A Procuradoria Estadual de Defesa e Valorização dos Honorários da Advocacia da OAB/MG obteve decisão favorável no Tribunal de Justiça de Minas Gerais (TJ/MG), no julgamento do Mandado de Segurança Coletivo nº 1.0000.26.092879-1/000, em defesa das prerrogativas da advocacia.
A controvérsia teve origem em determinação da 1ª Vara da Comarca de Araçuaí/MG, que passou a exigir, de forma padronizada, a apresentação de procuração atualizada como condição para a expedição de alvarás judiciais em processos nos quais o mandato havia sido outorgado em 2018 ou em período anterior. A medida condicionava o levantamento de valores à juntada de novo instrumento de mandato.
Diante da exigência, a OAB/MG impetrou mandado de segurança coletivo, sustentando a ilegalidade da imposição.

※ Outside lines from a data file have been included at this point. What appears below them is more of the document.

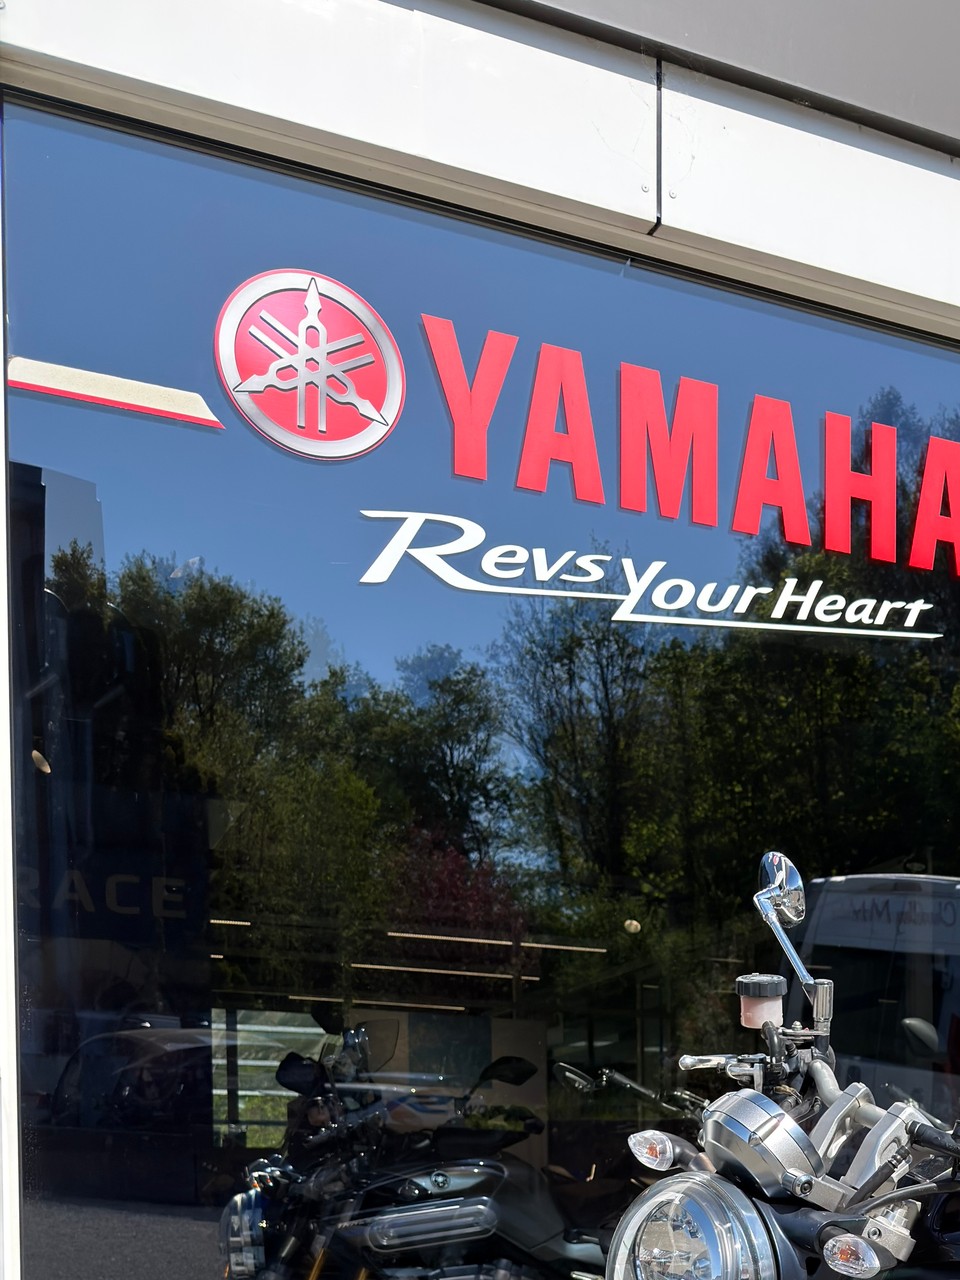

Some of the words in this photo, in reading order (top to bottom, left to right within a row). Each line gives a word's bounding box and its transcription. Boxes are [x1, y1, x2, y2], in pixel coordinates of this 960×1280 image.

[359, 510, 627, 599] Revs
[612, 557, 773, 622] Your
[770, 577, 935, 629] Heart
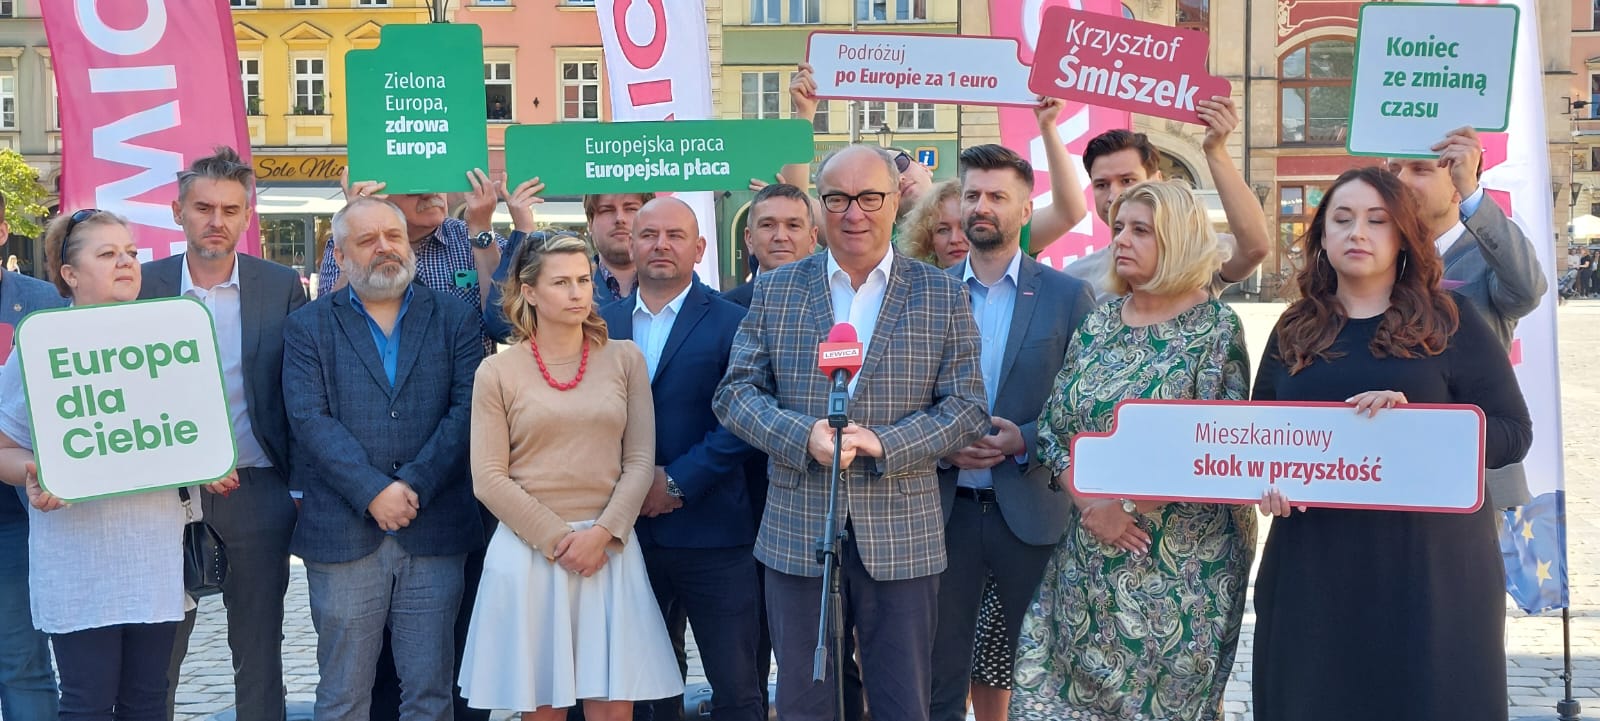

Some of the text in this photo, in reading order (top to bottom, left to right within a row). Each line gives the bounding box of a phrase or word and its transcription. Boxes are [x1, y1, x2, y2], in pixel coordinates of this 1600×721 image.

[1066, 19, 1184, 62] Krzysztof
[1387, 35, 1460, 58] Koniec
[839, 44, 906, 64] Podróżuj
[385, 72, 446, 89] Zielona
[835, 68, 998, 89] po Europie za 1 euro
[1055, 45, 1199, 111] Śmiszek
[1383, 66, 1487, 96] ze zmianą
[386, 96, 448, 114] Europa,
[1381, 101, 1439, 118] czasu
[386, 116, 449, 133] zdrowa
[386, 140, 447, 158] Europa
[585, 135, 725, 159] Europejska praca
[255, 159, 296, 179] Sole
[585, 158, 730, 182] Europejska płaca
[48, 338, 201, 379] Europa
[825, 350, 857, 358] LEWICA
[56, 384, 126, 420] dla
[62, 413, 199, 459] Ciebie
[1195, 422, 1333, 451] Mieszkaniowy
[1194, 454, 1382, 485] skok w przyszłość
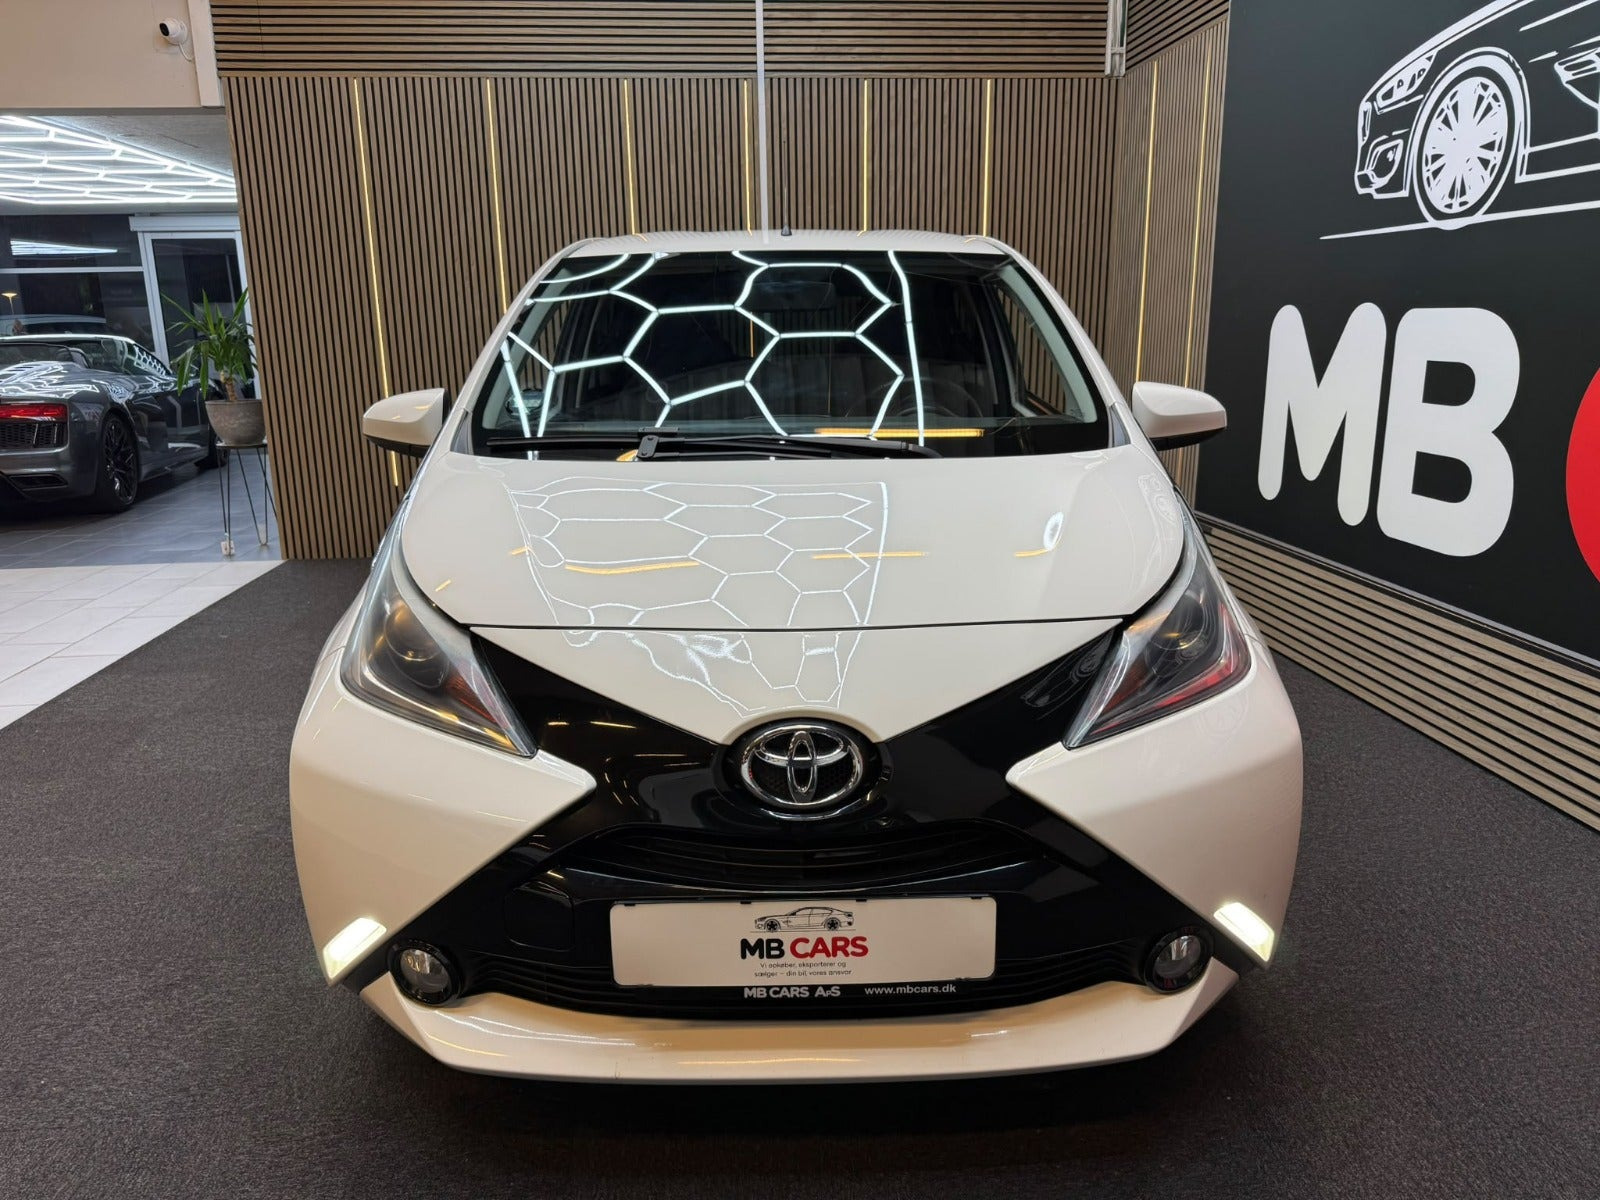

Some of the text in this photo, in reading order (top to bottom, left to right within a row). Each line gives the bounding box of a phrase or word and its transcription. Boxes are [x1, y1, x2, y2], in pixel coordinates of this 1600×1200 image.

[1258, 302, 1521, 557] MB
[740, 936, 869, 960] MB CARS
[837, 961, 847, 969] og
[828, 969, 852, 977] ansvar
[743, 987, 767, 999] MB
[769, 986, 809, 999] CARS
[864, 984, 957, 995] www.mbcars.dk
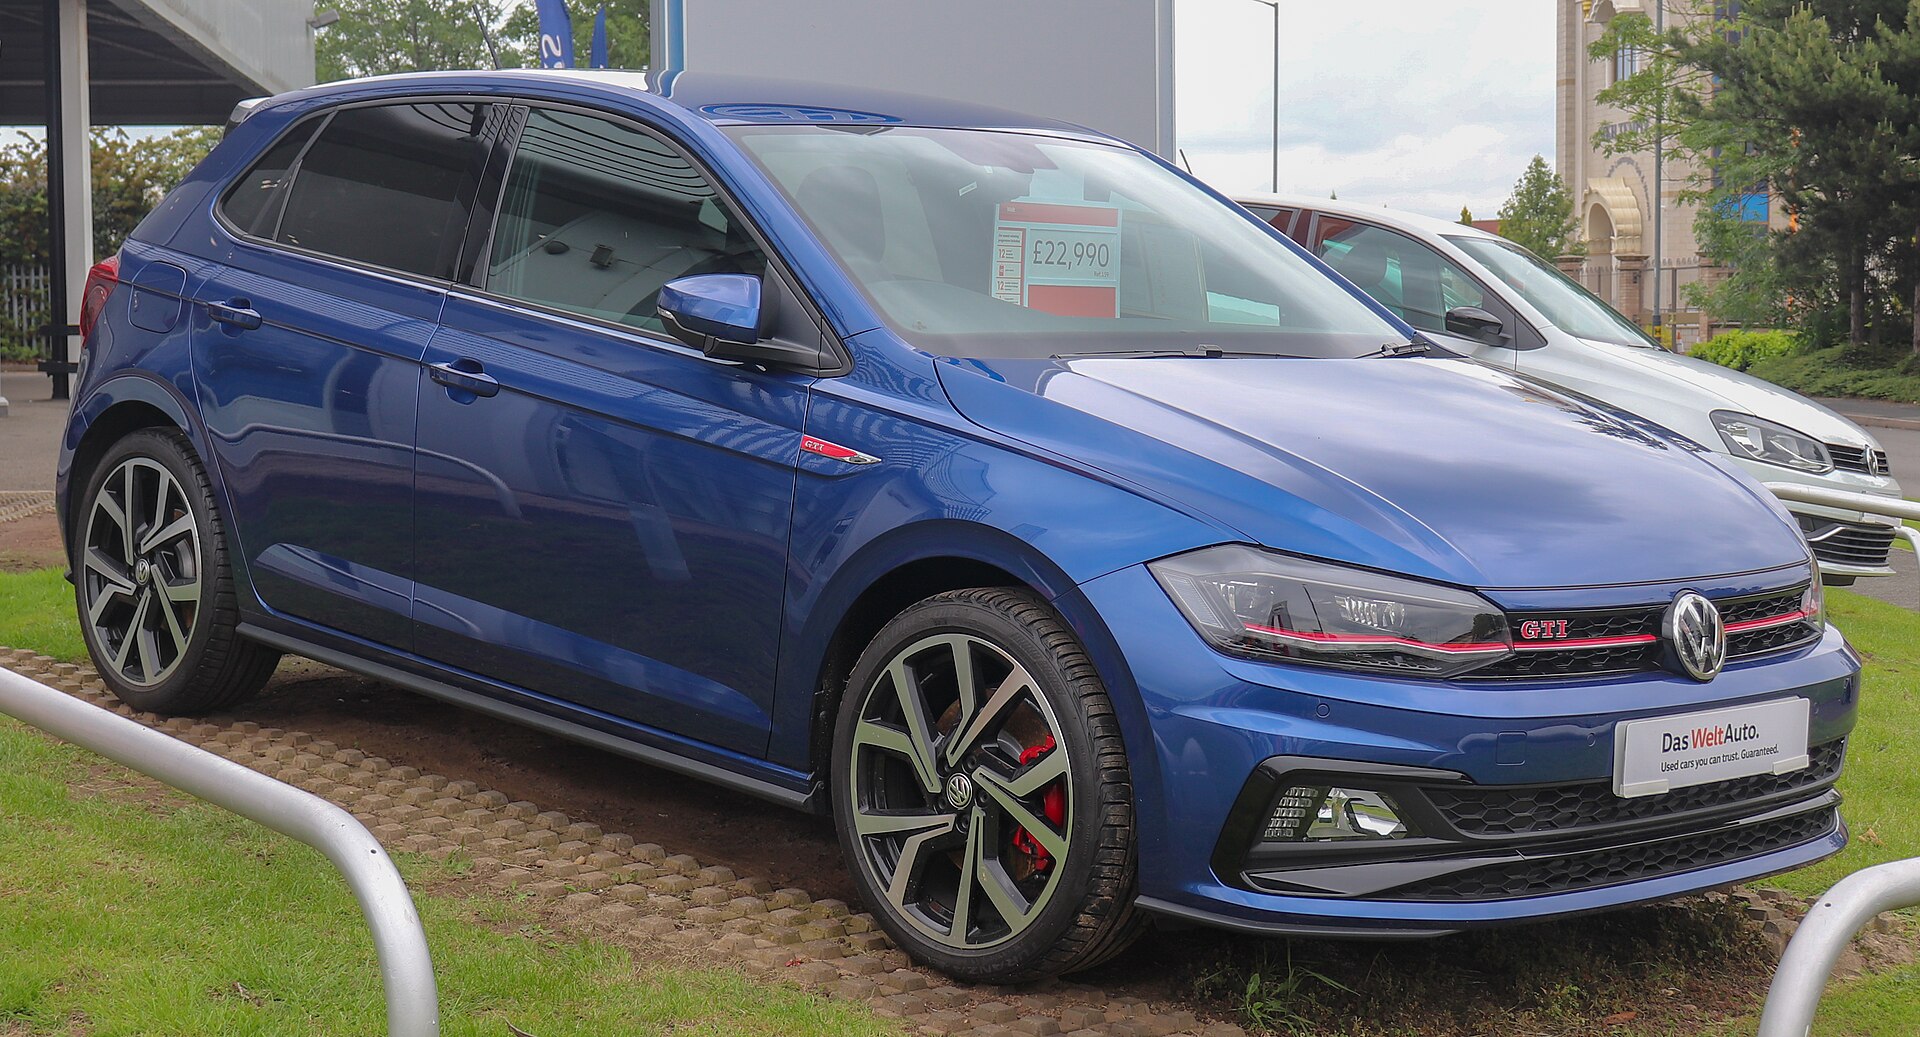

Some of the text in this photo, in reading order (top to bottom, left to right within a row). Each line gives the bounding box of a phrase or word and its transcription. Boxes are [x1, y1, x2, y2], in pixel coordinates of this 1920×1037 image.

[1033, 239, 1109, 270] £22,990
[804, 440, 824, 451] GTI
[1520, 619, 1568, 639] GTI
[1661, 732, 1688, 754] Das
[1660, 744, 1779, 772] Used cars you can trust. Guaranteed.
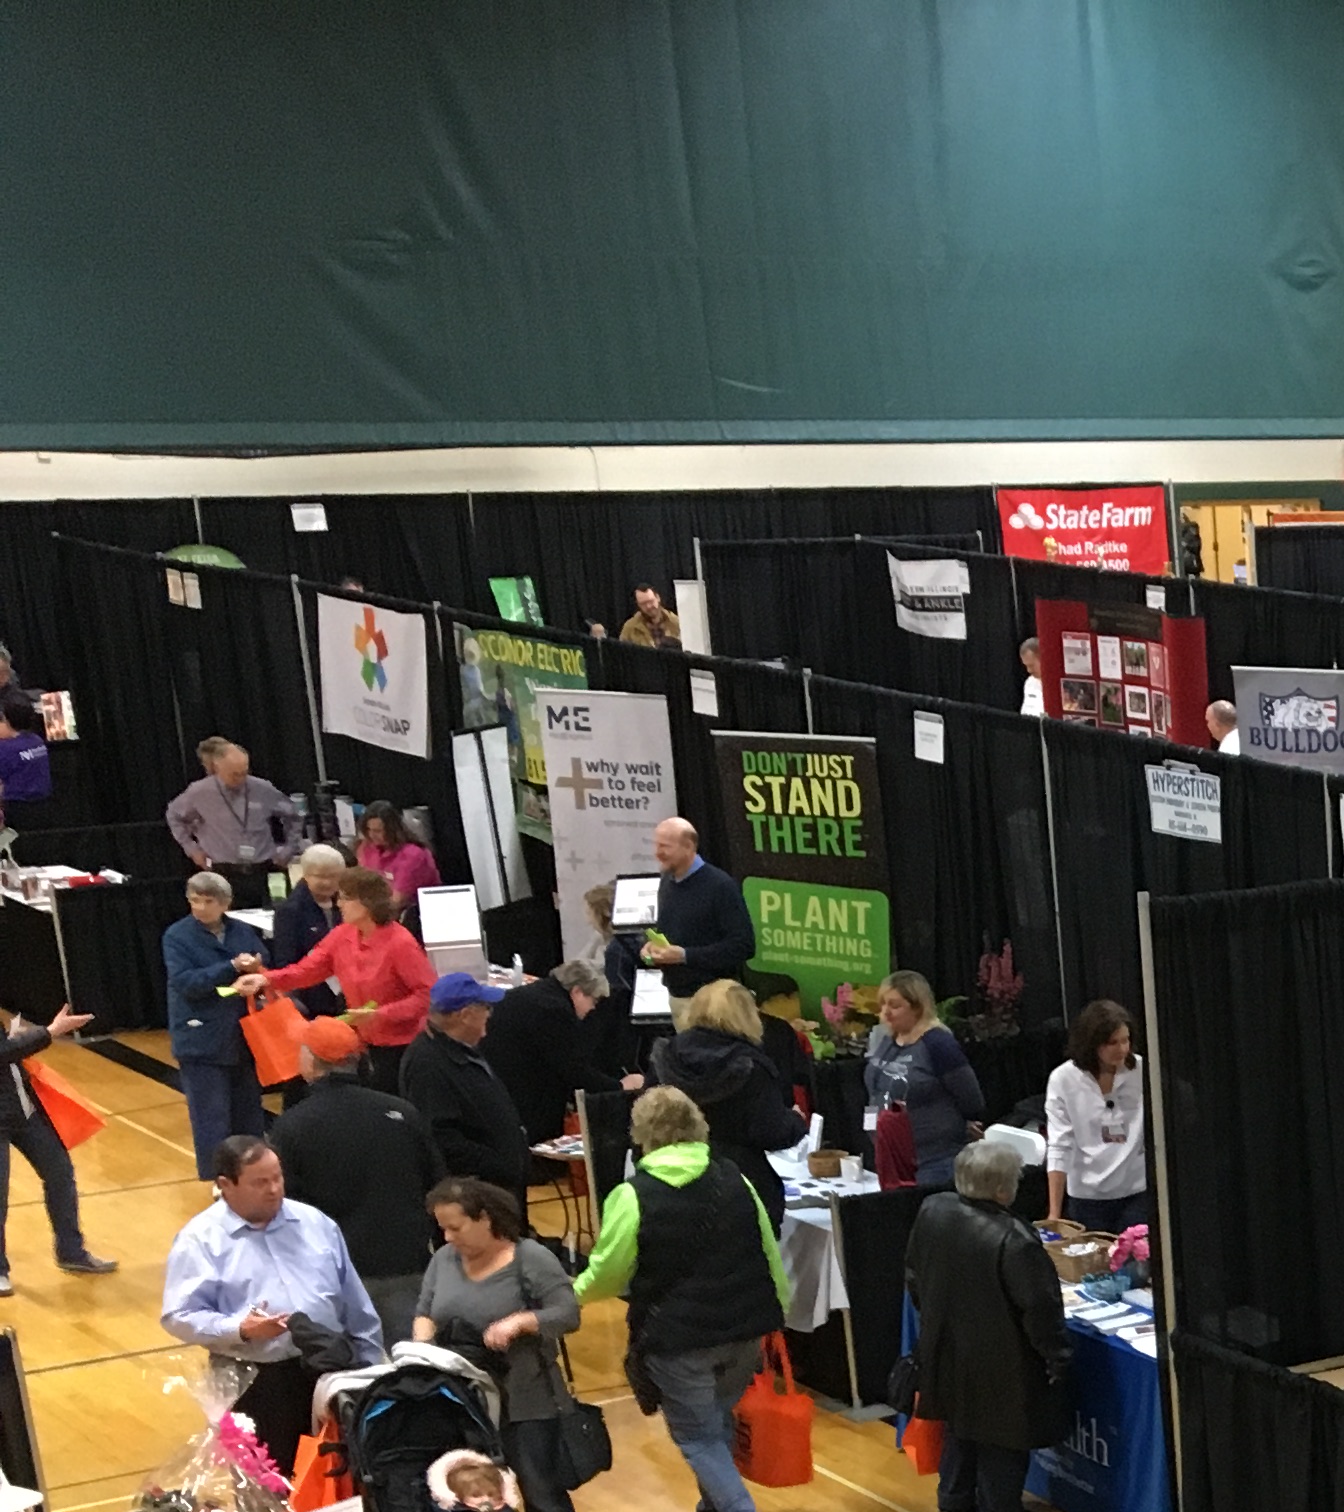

A entidade argumentou que a legislação não prevê prazo de validade para a procuração judicial, a qual permanece válida até a ocorrência de causa legal de extinção do mandato.
Ao analisar o mérito, a 20ª Câmara Cível do TJ/MG acolheu integralmente os argumentos da OAB/MG e concedeu definitivamente a segurança, confirmando a liminar anteriormente deferida.
Com a decisão, o Tribunal reafirmou o entendimento de que a procuração judicial não se submete a prazo de validade, não podendo ser exigida sua atualização como condição para expedição de alvará ou levantamento de valores.
O julgamento consolida relevante precedente em favor da advocacia mineira, reforçando as prerrogativas profissionais e assegurando maior segurança jurídica no exercício da advocacia.